17-06-03, Independent Living Devices
The following section was removed, so severely impaired workers are no longer entitled to reimbursement for independent living devices if they live in an institution:
Exception – for workers not receiving the allowance
Generally, devices provided under this policy must cost $250 or more. This rule does not apply to devices requested by those severely impaired workers who are not entitled to an independent allowance because they live in an institution. These workers may request independent living devices of any value under this policy.
15-04-02, Psychotraumatic Disability
The reference to “03-03-03 dated October 30, 1990” was added to the Document History section.
15-04-03, Chronic Pain Disability
The reference to “03-03-05 dated August 22, 1990” was added to the Document History section.
15-04-04, Chronic Pain Disability Rating Schedule
The Application Dates were changed to reflect the WSIB’s practice of not placing a limit on entitlement for CPD. The sentences were changed from “This policy is effective from March 27, 1986 to January 2, 1990 and applies to both temporary and permanent disability benefits” to “This policy applies to all accidents prior to January 2, 1990, and to entitlement periods starting from March 27, 1986. (See Retroactivity)”
18-03-07, Loss of Retirement Income Benefits (Accidents on or after January 1, 1998)
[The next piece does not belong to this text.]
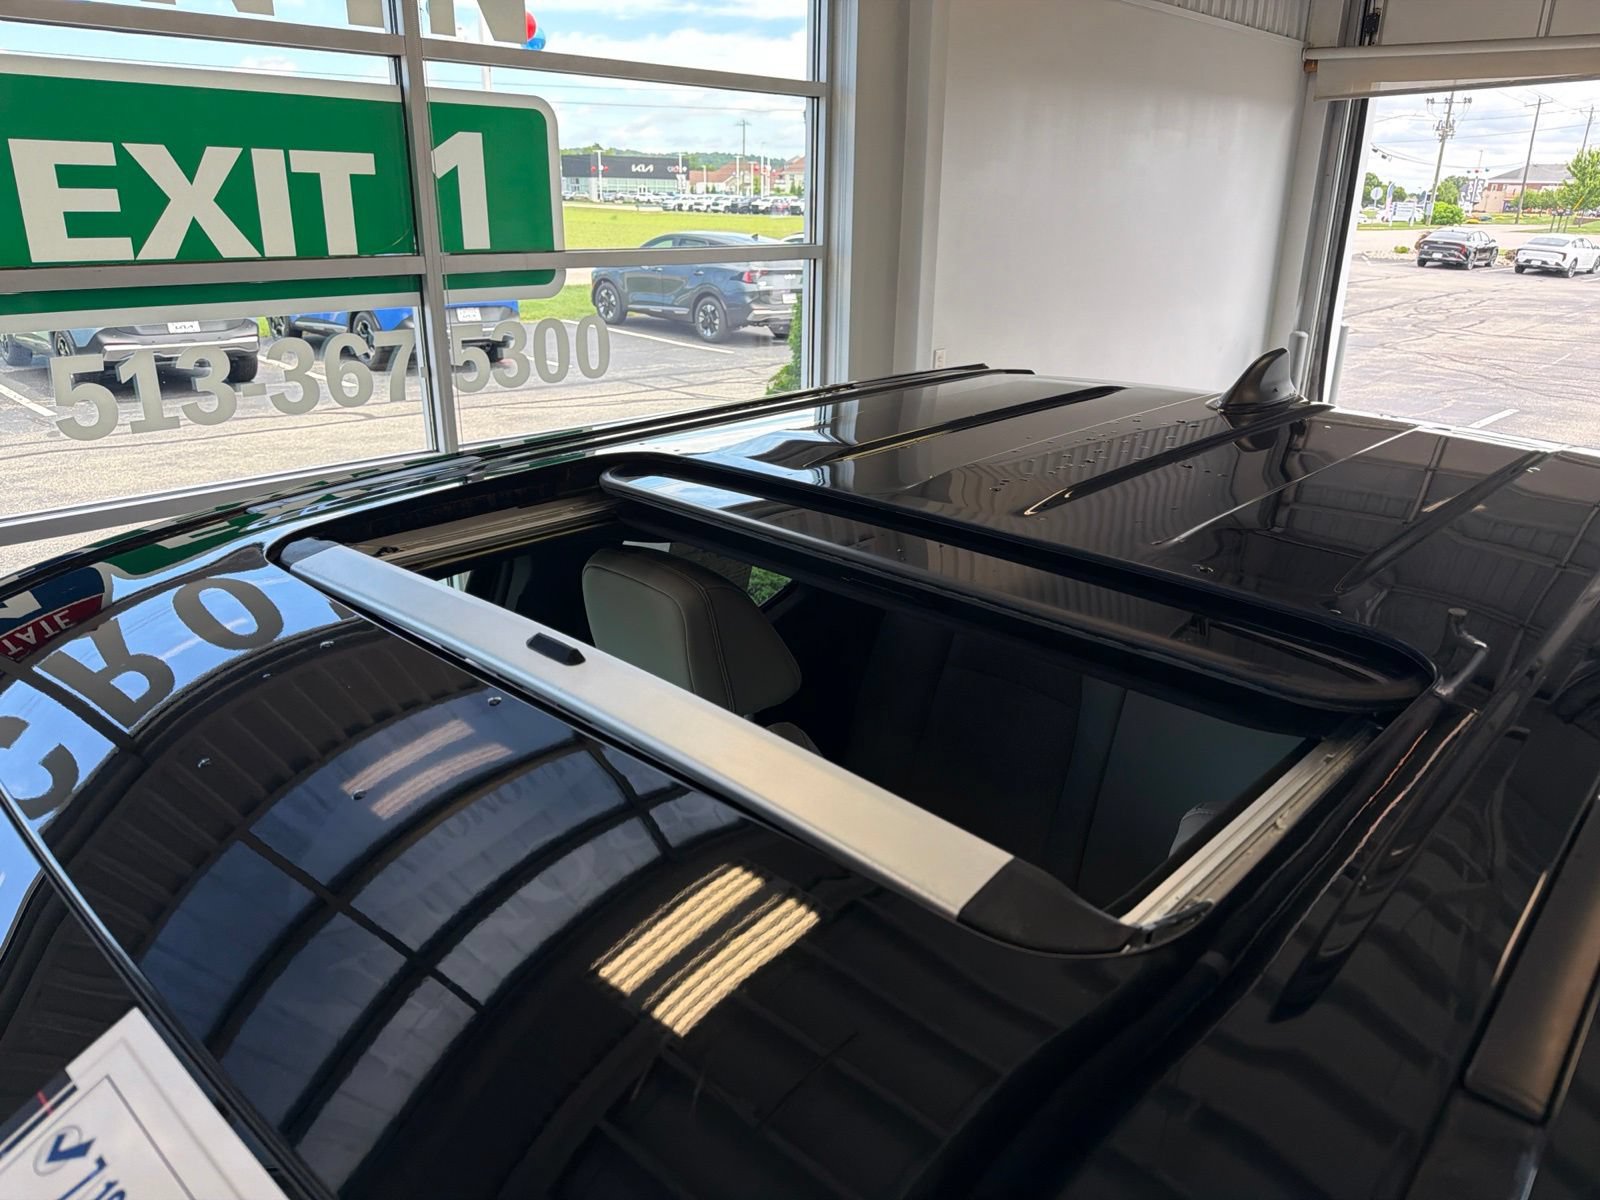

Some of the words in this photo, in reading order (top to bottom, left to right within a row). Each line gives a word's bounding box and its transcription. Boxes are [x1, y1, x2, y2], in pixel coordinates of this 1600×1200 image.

[8, 138, 376, 263] EXIT
[431, 131, 491, 250] 1
[50, 315, 611, 441] 513-3675300
In the section pertaining to work-related deaths prior to age 65, the reference to “see Tab 20, Survivors” was changed to “see section “Survivors” in the Operational Policy Manual (OPM):
Death before age 65 — work-related
If a worker who is eligible to receive an LRI benefit dies before age 65 of a work-related injury or disease, the WSIB pays the supplementary pre-retirement death benefit and survivor benefits, see section "Survivors" in the Operational Policy manual (OPM), to
- the surviving spouse, if there is one
- dependent children, if there is no spouse,
- other dependants, if the worker had neither a surviving spouse nor dependent children.
Survivors are not entitled to receive the pre-retirement death benefit.
18-04-17, Loss of Retirement Income Benefits (Accidents from January 2, 1990 to December 31, 1997)
In the section pertaining to Survivors’ benefits, the reference to “see Tab 20, Survivors” was changed to “see section “Survivors” in the Operational Policy Manual (OPM):
Survivors’ benefits
Anyone receiving WSIB survivor’s benefits is not eligible to receive an LRI benefit or pre-retirement death benefit.
For more information on survivors’ benefits, see section "Survivors" in the Operational Policy manual (OPM).
19-01-04, Job Search Assistance
A policy (18-03-02, Payment of LOE Benefits) that had been incorrectly provided as a cross reference in the Benefits section was removed:
Benefits
If workers participate in the job-search phase of a VR plan, they are eligible to receive benefits while co-operating in all aspects of a Labour Market Re-entry (LMR) plan. The benefits payable depend on the accident date (see 18-06-02, Calculating Temporary Partial Disability Benefits; 18-04-11, Supplement for Programs and LMR Plans Before and After 24 Months; or 18-07-10, Pre-1990 Pension Supplements).
19-03-02, LMR Assessments
Two policies (15-06-05 and 15-06-02) provided as cross references appeared in the wrong bullets and had to switch places to appear correctly as:
Assessment not provided
The WSIB does not generally provide an LMR assessment if the worker returned to suitable employment through ESRTW but later stops working due to
- a labour strike or lock-out unless the labour dispute is prolonged (see 15-06-05, Entitlement Following Work Disruptions: Strikes and Lockouts)
- a short-term temporary lay-off (see 15-06-02, Entitlement Following Work Disruptions: Short-term and Long-term Layoffs), or
- other actions or circumstances unrelated to the work-related injury.